6. After this we still have holes in the roster. Honestly im not aware of how the new CBA works. At this point, wed be right at around 49 million...does this mean we still have the MLE? If so, use the MLE to either bring sofo over or sign an N'diyaye type cheap center to back up brand,kaman, SAR, moore, perhas sign skita to a minimum contract, or another person who can be emerency 3/4/5. Then perhaps another minimum type player for the back court.


----------



## Weasel (Oct 18, 2003)

Where did you get 12 million? It was said the Clippers had 16 million before Mobley signed and since he signed the Clippers have close to 6 million.


----------



## TheClipSHow11 (Jul 22, 2004)

1. We need to sign Z. You need big men in the NBA. 

2. Mikki would be a good move as well - he played really well last year until he hurt his ankle, then he played poorly for a month or so and didn't start to play well until the very end of the year. This would give us a good 4 man roatation up front. This would also enable 4 or 5(Wilcox) returners up front from Dunleavys defense from last year (obvious advantage when players know how to play your d and how to play off each other)

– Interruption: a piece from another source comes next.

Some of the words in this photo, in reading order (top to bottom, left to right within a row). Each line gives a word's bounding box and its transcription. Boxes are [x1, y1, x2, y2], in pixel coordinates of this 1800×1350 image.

3. Sit Wilcox down and figure out what his deal is. Dunleavy should make a personal call and either trade him or keep him. Dunleavy would make the best descision on this one i believe. Wilcox has tremendous upside, don't sell him out too soon. A motavated Wilcox can do harm in the NBA. But only Dunleavy knows what is really going on in the kid's head - he still may mature, he is still 22!!

4. Wait 15 days to decide on Marko - it all depnds on if he fits in with his counter offer. After Bobby was offered 9.4/yr, who knows what Marko might be offered?? 

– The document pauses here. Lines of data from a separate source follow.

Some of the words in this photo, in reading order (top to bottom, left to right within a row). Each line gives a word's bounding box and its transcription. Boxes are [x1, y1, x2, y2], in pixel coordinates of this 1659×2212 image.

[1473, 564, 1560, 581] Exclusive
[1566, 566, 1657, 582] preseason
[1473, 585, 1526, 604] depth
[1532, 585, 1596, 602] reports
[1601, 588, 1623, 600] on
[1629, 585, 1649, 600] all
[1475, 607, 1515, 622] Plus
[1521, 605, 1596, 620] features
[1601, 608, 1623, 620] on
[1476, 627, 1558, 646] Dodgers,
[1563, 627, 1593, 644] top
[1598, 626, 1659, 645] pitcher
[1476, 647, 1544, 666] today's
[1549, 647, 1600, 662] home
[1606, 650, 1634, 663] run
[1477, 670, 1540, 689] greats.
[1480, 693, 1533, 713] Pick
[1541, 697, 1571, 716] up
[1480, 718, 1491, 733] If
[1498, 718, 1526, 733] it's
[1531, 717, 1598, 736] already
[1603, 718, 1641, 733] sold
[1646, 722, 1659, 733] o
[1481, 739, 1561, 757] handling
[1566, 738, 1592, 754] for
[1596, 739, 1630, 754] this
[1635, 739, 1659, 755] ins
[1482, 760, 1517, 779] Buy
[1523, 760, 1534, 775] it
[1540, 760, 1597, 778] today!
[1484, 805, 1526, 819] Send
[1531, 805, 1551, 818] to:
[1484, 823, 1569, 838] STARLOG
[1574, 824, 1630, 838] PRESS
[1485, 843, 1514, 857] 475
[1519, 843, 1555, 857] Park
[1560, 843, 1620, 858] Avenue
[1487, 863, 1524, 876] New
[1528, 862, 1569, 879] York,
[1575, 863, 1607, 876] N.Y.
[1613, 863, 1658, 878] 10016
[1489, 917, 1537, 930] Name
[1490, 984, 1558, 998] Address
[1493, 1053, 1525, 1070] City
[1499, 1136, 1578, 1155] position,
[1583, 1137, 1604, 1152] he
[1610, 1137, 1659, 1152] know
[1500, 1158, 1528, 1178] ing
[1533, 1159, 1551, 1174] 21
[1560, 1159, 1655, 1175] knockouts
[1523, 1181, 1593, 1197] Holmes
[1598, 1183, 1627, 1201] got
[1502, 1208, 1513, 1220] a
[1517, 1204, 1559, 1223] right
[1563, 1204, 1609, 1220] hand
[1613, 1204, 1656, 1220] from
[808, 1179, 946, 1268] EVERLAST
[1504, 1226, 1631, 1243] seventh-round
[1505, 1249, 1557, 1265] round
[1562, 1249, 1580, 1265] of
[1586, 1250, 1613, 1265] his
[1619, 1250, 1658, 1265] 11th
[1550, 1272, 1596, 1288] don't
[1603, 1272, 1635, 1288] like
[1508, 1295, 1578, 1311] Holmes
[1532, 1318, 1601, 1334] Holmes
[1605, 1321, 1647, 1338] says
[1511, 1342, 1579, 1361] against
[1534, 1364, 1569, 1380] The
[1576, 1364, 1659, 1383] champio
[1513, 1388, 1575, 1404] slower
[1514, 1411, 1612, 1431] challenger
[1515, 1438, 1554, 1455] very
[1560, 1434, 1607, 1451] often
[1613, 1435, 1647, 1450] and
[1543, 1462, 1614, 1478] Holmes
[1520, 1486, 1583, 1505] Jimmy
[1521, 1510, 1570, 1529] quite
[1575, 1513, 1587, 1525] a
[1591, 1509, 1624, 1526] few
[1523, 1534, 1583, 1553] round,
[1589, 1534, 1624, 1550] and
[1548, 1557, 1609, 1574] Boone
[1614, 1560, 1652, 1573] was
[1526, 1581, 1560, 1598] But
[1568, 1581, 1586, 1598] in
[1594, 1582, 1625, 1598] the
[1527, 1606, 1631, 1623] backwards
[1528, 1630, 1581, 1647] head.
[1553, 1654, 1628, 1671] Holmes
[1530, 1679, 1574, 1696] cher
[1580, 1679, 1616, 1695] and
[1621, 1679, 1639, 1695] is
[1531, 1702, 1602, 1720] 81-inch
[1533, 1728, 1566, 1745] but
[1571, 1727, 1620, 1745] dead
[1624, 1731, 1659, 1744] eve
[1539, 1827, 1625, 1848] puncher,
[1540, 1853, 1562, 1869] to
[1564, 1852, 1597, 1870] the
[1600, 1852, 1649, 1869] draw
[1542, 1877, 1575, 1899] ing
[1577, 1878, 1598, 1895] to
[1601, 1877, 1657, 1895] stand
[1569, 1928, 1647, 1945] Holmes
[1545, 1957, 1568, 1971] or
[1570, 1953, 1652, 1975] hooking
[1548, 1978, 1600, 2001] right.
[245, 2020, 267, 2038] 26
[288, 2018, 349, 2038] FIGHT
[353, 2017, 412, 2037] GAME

This would give us a nucleaus of returners:

Kaman/Z
Brand/MM/(Wilcox)
Mags
Ross
Livingston/(Marko)/Chamlers

Free agents/rookies: Mobley, Korlev, Ewing 

This would give us 9 maybe 10, 11, 12 even 13 players (depending on the status of Marko, Wilcox, Korlev, and Ewing.

5. Depnding on the cap situation: SAR and Donyell Marshall have to be looked at. Maybe even Earl Watson.

6 & most important!!. In a last ditch attempt to sign a free agent - invite all the players we are courting to one of Donald Sterlings hooker parties to try to get them to sign. :cheers: :cheers:


----------



## TheClipSHow11 (Jul 22, 2004)

leidout said:


> if we keep jaric, then realistically, between radmanovich, marshall, SAR, and bonzi wells, we're only capable of getting 1 of these guys.
> 
> and maybe i just missed some of the games last year, but why do we need to keep both zeljko rebraca AND mikki moore? their stat line is basically the same, i think we would do fine with just one of the two.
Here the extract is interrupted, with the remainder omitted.